Data for analysis Block Start

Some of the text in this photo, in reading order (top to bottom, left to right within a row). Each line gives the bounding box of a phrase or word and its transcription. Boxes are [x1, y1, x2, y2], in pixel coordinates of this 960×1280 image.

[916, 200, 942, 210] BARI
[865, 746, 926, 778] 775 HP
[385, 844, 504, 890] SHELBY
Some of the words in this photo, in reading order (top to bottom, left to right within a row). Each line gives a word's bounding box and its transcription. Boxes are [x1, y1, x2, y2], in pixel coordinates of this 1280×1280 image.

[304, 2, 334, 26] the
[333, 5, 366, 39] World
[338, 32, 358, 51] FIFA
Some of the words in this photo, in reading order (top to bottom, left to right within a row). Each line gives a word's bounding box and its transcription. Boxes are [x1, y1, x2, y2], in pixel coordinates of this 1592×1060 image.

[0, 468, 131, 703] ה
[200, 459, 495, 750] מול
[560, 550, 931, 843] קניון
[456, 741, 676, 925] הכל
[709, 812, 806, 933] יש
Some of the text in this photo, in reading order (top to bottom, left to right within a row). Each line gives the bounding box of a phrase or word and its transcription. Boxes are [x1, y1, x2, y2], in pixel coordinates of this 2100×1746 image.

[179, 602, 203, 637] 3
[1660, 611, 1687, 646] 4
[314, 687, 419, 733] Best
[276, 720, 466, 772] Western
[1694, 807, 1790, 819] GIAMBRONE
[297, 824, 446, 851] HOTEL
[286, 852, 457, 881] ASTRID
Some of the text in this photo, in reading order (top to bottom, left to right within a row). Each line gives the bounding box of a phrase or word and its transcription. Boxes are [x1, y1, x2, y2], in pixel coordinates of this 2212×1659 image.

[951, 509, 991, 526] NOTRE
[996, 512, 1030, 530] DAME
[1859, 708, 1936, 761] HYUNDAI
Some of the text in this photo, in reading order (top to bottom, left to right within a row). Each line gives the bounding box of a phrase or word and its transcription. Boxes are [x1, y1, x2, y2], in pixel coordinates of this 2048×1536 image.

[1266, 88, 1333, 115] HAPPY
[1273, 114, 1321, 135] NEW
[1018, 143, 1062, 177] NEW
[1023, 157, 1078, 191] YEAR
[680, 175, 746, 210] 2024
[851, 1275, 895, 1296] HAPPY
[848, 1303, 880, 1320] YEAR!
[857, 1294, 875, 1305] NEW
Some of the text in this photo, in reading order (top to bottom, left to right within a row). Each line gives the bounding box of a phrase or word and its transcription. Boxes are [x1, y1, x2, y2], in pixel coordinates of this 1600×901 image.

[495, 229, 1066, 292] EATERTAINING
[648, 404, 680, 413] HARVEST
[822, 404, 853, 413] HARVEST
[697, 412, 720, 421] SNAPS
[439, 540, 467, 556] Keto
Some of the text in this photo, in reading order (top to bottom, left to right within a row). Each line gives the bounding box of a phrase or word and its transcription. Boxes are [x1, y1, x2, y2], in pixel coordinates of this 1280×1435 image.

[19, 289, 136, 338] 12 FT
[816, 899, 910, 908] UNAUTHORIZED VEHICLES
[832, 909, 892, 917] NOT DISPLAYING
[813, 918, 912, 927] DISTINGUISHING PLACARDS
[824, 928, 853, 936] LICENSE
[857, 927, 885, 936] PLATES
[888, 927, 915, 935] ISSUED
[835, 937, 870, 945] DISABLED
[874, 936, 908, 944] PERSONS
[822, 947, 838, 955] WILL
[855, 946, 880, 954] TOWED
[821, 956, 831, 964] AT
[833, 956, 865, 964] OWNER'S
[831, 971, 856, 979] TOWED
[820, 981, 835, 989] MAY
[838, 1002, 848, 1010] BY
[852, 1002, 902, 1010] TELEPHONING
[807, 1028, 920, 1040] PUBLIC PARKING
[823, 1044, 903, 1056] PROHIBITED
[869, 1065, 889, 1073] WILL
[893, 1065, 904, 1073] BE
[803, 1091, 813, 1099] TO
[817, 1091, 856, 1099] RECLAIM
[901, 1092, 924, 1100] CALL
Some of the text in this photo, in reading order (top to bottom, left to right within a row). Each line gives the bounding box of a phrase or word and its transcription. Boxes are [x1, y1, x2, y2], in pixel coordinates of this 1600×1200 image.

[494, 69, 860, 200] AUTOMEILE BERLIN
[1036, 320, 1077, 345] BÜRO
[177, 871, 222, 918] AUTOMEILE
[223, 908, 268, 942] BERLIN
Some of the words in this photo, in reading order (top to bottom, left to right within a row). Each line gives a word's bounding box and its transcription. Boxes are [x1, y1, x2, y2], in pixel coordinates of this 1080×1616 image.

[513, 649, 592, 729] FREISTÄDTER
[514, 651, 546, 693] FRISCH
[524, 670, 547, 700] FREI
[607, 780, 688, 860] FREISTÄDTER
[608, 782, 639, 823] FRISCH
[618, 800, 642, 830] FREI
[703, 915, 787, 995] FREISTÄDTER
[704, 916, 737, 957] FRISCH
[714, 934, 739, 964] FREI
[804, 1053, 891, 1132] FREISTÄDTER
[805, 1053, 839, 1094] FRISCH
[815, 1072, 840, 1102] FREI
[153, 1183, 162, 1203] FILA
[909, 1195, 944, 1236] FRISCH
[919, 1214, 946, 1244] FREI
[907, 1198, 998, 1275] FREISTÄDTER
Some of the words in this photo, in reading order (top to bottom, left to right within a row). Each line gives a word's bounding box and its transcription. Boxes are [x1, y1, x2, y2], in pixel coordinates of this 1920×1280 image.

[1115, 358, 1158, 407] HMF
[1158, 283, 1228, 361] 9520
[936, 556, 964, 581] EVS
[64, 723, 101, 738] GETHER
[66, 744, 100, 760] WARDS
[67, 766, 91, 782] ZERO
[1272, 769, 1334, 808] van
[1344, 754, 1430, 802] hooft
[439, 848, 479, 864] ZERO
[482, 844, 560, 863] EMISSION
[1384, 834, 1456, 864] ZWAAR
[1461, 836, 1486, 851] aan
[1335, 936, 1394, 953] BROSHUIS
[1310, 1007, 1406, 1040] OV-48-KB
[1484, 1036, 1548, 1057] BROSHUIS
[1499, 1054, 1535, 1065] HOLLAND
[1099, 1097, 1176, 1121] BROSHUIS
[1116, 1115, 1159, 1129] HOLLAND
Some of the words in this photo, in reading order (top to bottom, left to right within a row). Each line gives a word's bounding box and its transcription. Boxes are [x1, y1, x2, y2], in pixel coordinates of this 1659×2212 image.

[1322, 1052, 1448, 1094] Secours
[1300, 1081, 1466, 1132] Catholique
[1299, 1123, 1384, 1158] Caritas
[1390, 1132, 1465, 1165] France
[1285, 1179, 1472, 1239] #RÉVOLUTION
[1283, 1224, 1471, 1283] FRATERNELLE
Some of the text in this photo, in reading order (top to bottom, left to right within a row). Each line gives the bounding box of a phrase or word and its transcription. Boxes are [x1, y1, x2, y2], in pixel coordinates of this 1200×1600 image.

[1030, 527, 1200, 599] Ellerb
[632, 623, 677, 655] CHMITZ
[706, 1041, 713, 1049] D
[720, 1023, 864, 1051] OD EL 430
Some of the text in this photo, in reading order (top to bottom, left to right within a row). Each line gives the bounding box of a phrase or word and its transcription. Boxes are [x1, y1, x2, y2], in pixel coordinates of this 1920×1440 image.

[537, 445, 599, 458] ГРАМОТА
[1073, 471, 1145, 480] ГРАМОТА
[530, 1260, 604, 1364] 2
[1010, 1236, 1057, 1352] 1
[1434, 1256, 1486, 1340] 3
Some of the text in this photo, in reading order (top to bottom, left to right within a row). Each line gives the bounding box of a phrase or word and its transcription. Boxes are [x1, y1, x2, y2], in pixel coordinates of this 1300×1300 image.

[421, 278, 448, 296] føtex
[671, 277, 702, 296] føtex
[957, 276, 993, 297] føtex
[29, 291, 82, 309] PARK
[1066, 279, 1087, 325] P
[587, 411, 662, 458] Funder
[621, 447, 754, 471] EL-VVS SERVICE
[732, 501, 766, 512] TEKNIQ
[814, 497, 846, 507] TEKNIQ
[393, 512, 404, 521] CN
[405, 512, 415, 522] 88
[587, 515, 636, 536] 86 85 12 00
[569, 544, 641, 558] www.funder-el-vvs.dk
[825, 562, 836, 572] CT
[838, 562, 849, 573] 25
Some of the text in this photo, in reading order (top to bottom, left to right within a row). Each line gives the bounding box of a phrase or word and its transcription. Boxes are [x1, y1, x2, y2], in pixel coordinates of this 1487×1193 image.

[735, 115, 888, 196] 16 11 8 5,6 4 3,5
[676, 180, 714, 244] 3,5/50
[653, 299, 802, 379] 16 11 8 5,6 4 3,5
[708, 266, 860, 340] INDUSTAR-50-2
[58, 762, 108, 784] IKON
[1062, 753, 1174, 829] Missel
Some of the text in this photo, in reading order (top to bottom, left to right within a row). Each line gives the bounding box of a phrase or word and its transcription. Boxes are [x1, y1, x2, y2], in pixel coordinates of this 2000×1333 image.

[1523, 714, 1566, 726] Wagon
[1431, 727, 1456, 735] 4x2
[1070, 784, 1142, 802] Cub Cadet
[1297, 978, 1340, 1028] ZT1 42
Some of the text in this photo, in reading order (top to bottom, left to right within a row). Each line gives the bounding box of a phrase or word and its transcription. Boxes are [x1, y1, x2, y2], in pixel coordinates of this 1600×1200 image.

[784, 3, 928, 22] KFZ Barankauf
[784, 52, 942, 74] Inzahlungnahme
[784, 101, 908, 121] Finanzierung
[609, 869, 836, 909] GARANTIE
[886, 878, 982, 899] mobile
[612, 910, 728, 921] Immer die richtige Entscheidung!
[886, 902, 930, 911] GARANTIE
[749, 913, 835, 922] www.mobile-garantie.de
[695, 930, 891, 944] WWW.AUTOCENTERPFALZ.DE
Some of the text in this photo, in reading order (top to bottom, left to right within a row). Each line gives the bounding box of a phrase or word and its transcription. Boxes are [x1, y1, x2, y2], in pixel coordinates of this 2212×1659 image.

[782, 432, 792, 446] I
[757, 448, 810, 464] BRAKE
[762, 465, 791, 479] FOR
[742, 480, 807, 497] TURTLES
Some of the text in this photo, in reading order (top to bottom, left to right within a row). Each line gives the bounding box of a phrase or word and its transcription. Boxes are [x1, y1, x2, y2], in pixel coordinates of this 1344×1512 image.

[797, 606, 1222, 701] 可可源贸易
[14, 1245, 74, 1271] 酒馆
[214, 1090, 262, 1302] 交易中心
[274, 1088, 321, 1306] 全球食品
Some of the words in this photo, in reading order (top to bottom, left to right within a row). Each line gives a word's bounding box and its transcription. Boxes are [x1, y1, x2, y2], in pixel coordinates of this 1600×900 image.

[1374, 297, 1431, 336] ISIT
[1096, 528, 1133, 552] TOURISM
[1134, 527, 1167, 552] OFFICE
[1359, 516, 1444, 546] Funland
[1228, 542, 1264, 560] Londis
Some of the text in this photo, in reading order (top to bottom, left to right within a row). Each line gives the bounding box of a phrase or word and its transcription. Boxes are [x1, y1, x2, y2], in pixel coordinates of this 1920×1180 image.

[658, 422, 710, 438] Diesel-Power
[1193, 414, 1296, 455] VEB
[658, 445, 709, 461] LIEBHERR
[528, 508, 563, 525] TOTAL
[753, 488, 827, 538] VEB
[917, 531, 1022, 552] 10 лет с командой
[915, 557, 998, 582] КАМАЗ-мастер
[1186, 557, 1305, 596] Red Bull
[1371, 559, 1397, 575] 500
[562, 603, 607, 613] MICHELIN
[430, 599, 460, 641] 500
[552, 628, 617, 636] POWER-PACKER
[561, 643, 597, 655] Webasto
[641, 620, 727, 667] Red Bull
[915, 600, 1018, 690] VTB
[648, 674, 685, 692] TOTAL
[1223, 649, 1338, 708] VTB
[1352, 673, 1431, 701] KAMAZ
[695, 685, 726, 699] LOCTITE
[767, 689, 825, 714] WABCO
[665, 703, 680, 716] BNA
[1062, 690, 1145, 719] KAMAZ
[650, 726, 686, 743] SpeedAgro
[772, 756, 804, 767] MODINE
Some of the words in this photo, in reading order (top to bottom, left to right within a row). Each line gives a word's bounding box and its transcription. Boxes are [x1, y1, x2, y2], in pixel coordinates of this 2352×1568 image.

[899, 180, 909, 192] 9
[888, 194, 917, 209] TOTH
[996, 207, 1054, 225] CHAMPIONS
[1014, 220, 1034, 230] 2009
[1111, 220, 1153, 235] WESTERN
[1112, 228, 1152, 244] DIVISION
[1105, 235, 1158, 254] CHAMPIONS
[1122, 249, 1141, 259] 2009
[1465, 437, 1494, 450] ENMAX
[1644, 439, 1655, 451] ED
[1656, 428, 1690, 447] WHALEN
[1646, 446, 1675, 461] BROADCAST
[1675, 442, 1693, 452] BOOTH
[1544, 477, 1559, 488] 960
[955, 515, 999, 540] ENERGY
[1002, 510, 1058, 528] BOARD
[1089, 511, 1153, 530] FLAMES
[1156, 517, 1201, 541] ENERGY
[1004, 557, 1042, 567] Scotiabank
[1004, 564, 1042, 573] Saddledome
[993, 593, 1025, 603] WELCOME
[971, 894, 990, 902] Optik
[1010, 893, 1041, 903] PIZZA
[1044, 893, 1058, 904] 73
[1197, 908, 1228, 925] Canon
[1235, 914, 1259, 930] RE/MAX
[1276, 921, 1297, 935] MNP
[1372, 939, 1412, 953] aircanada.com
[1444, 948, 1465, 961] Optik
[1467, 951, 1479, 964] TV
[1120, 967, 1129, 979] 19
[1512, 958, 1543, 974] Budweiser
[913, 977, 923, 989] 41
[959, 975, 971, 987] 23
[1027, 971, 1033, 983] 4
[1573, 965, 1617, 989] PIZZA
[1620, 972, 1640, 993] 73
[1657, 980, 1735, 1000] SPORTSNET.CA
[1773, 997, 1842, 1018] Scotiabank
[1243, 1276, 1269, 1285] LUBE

Data for analysis Block End

# [Brief]
Write out again only the lines from the one with "this 2352×1568 image." through the last line of the records above. Keep every word as it stands.

# [Solved exercise]
Some of the words in this photo, in reading order (top to bottom, left to right within a row). Each line gives a word's bounding box and its transcription. Boxes are [x1, y1, x2, y2], in pixel coordinates of this 2352×1568 image.

[899, 180, 909, 192] 9
[888, 194, 917, 209] TOTH
[996, 207, 1054, 225] CHAMPIONS
[1014, 220, 1034, 230] 2009
[1111, 220, 1153, 235] WESTERN
[1112, 228, 1152, 244] DIVISION
[1105, 235, 1158, 254] CHAMPIONS
[1122, 249, 1141, 259] 2009
[1465, 437, 1494, 450] ENMAX
[1644, 439, 1655, 451] ED
[1656, 428, 1690, 447] WHALEN
[1646, 446, 1675, 461] BROADCAST
[1675, 442, 1693, 452] BOOTH
[1544, 477, 1559, 488] 960
[955, 515, 999, 540] ENERGY
[1002, 510, 1058, 528] BOARD
[1089, 511, 1153, 530] FLAMES
[1156, 517, 1201, 541] ENERGY
[1004, 557, 1042, 567] Scotiabank
[1004, 564, 1042, 573] Saddledome
[993, 593, 1025, 603] WELCOME
[971, 894, 990, 902] Optik
[1010, 893, 1041, 903] PIZZA
[1044, 893, 1058, 904] 73
[1197, 908, 1228, 925] Canon
[1235, 914, 1259, 930] RE/MAX
[1276, 921, 1297, 935] MNP
[1372, 939, 1412, 953] aircanada.com
[1444, 948, 1465, 961] Optik
[1467, 951, 1479, 964] TV
[1120, 967, 1129, 979] 19
[1512, 958, 1543, 974] Budweiser
[913, 977, 923, 989] 41
[959, 975, 971, 987] 23
[1027, 971, 1033, 983] 4
[1573, 965, 1617, 989] PIZZA
[1620, 972, 1640, 993] 73
[1657, 980, 1735, 1000] SPORTSNET.CA
[1773, 997, 1842, 1018] Scotiabank
[1243, 1276, 1269, 1285] LUBE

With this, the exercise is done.